> [Given data]

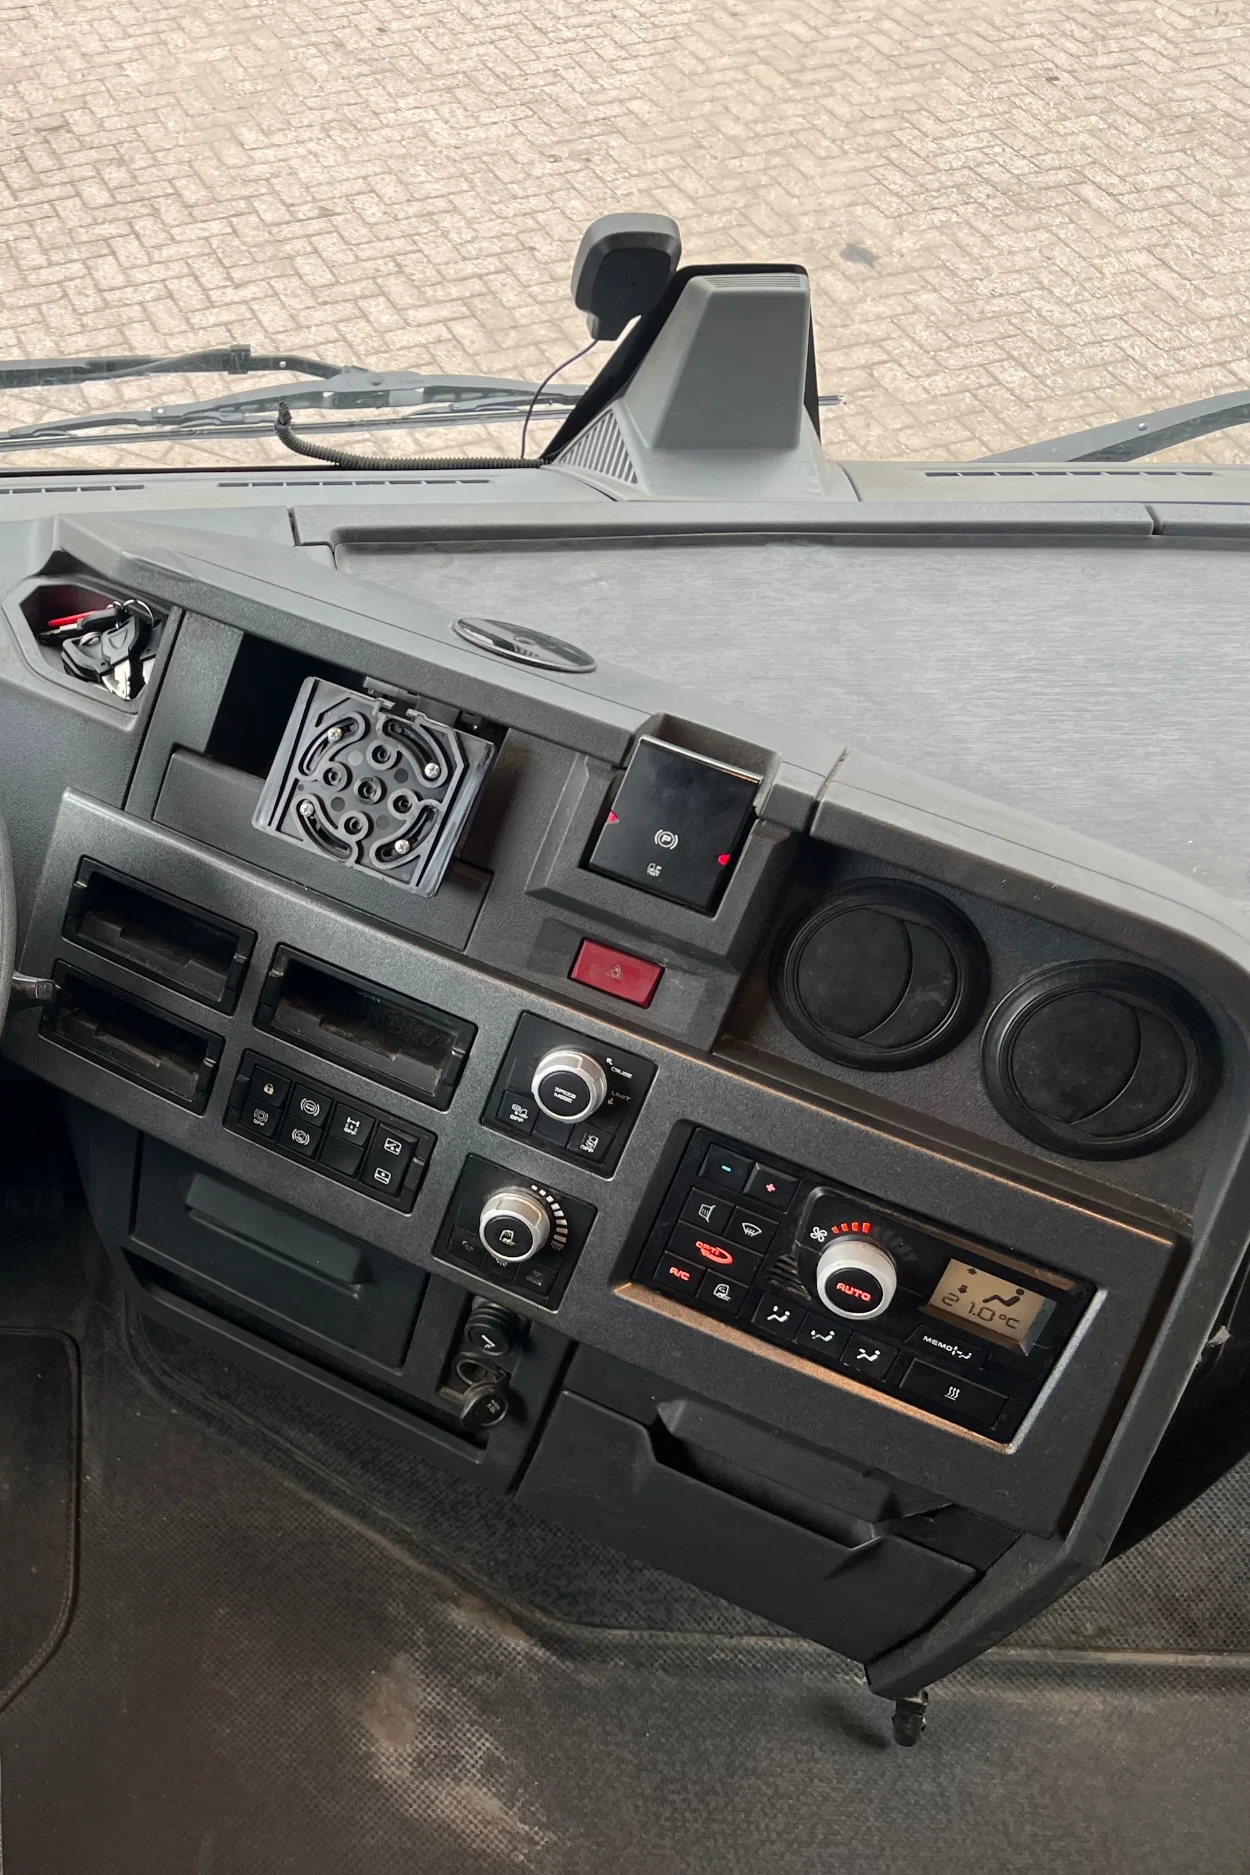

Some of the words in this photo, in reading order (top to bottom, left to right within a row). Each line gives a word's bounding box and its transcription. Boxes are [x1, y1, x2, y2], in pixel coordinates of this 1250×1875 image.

[610, 1066, 633, 1080] CRUISE
[611, 1090, 632, 1102] LIMIT
[669, 1266, 691, 1281] A/C
[836, 1281, 872, 1302] AUTO
[922, 1335, 954, 1352] MEMO
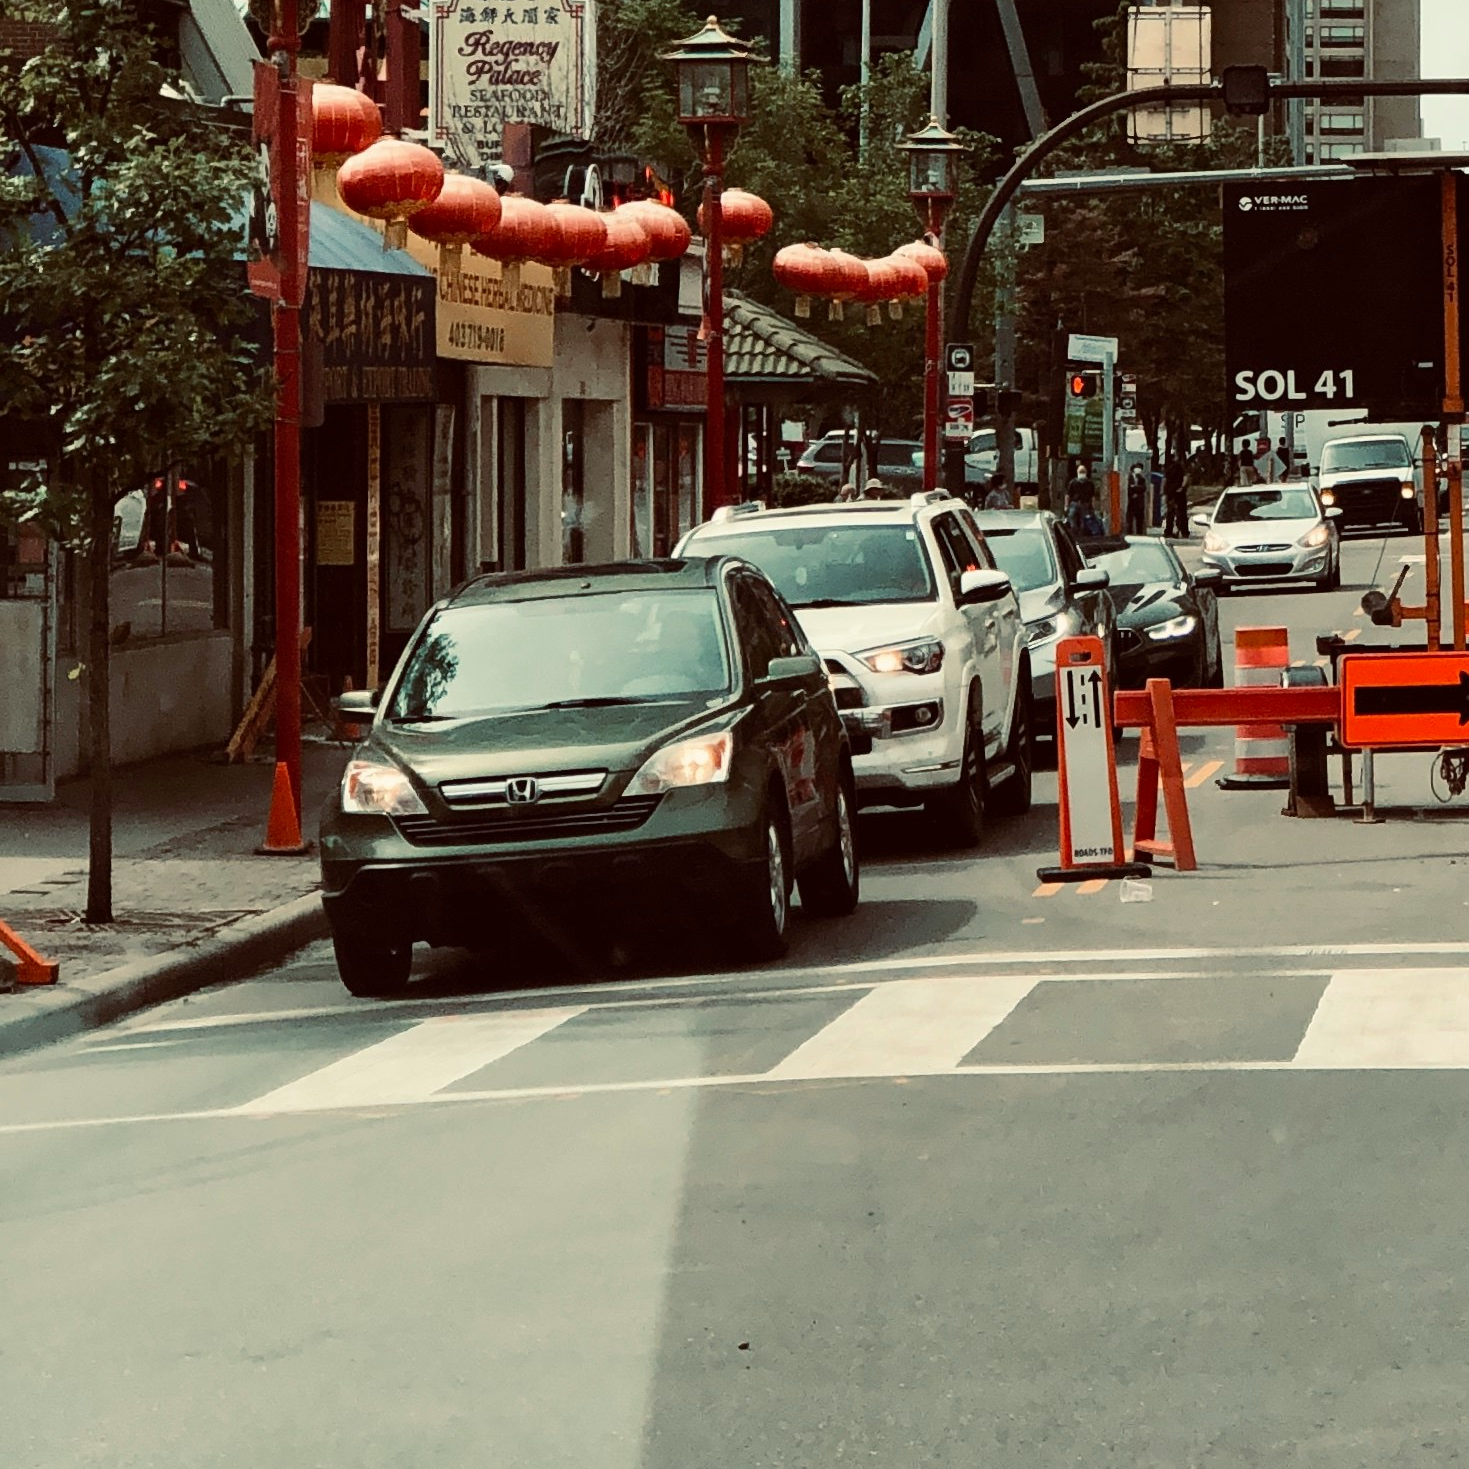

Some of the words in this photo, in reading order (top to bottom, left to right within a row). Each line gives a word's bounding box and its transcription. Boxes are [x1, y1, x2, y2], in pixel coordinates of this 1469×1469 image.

[458, 29, 560, 66] Regency
[466, 58, 543, 86] Palace
[469, 89, 551, 102] SEAFOOD
[452, 104, 564, 119] RESTAURANT
[1254, 195, 1308, 205] VER-MAC
[440, 271, 480, 305] CHINESE
[1235, 369, 1307, 401] SOL
[1313, 369, 1354, 399] 41
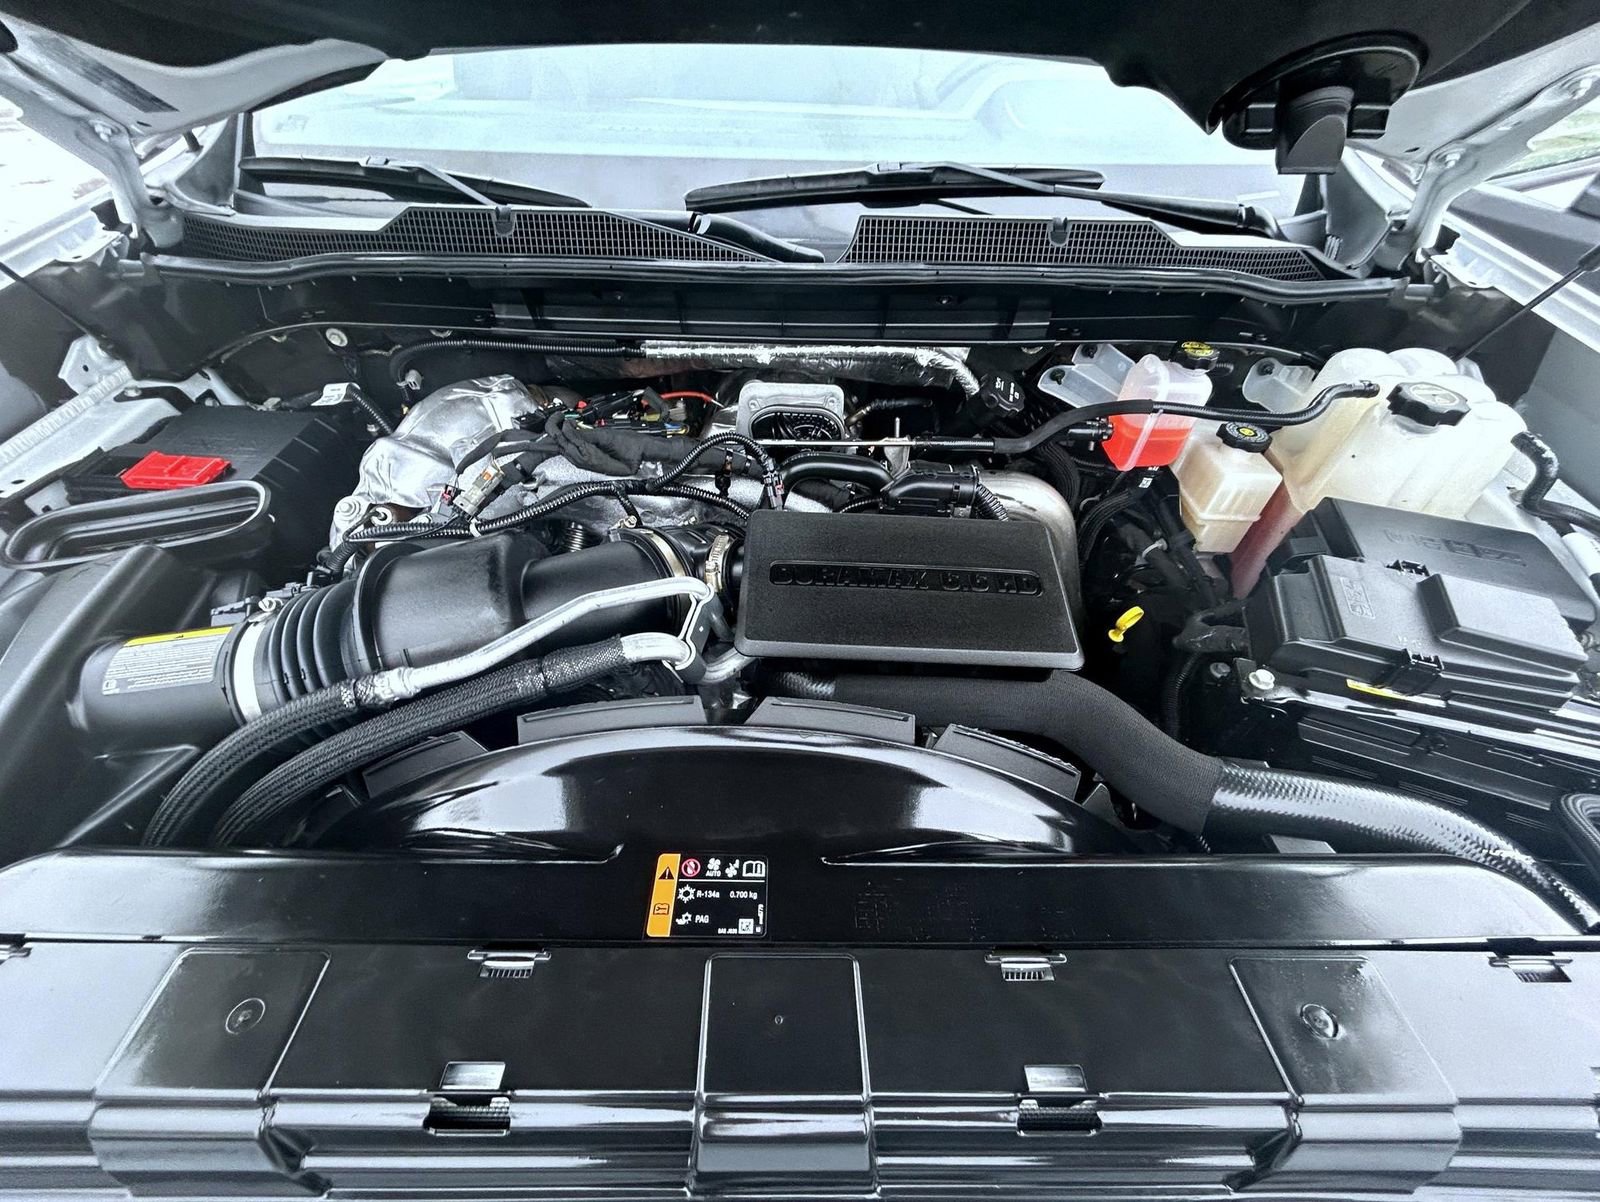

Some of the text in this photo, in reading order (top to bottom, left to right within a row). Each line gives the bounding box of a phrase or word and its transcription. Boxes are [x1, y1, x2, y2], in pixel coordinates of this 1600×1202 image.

> [Required work] Reproduce the entire listing above precisely, but keep the images out.

> [Completed task]
Some of the words in this photo, in reading order (top to bottom, left to right within a row). Each line gives a word's bounding box and its transcription. Boxes are [x1, y1, x2, y2], in pixel coordinates of this 1250×1875 image.

[610, 1066, 633, 1080] CRUISE
[611, 1090, 632, 1102] LIMIT
[669, 1266, 691, 1281] A/C
[836, 1281, 872, 1302] AUTO
[922, 1335, 954, 1352] MEMO

Some of the words in this photo, in reading order (top to bottom, left to right within a row). Each line gives a word's bounding box and its transcription. Boxes are [x1, y1, x2, y2], in pixel coordinates of this 1469×1469 image.

[458, 29, 560, 66] Regency
[466, 58, 543, 86] Palace
[469, 89, 551, 102] SEAFOOD
[452, 104, 564, 119] RESTAURANT
[1254, 195, 1308, 205] VER-MAC
[440, 271, 480, 305] CHINESE
[1235, 369, 1307, 401] SOL
[1313, 369, 1354, 399] 41

Some of the text in this photo, in reading order (top to bottom, left to right within a row). Each line gives the bounding box of a phrase or word and its transcription. Boxes are [x1, y1, x2, y2], in pixel coordinates of this 1600×1202 image.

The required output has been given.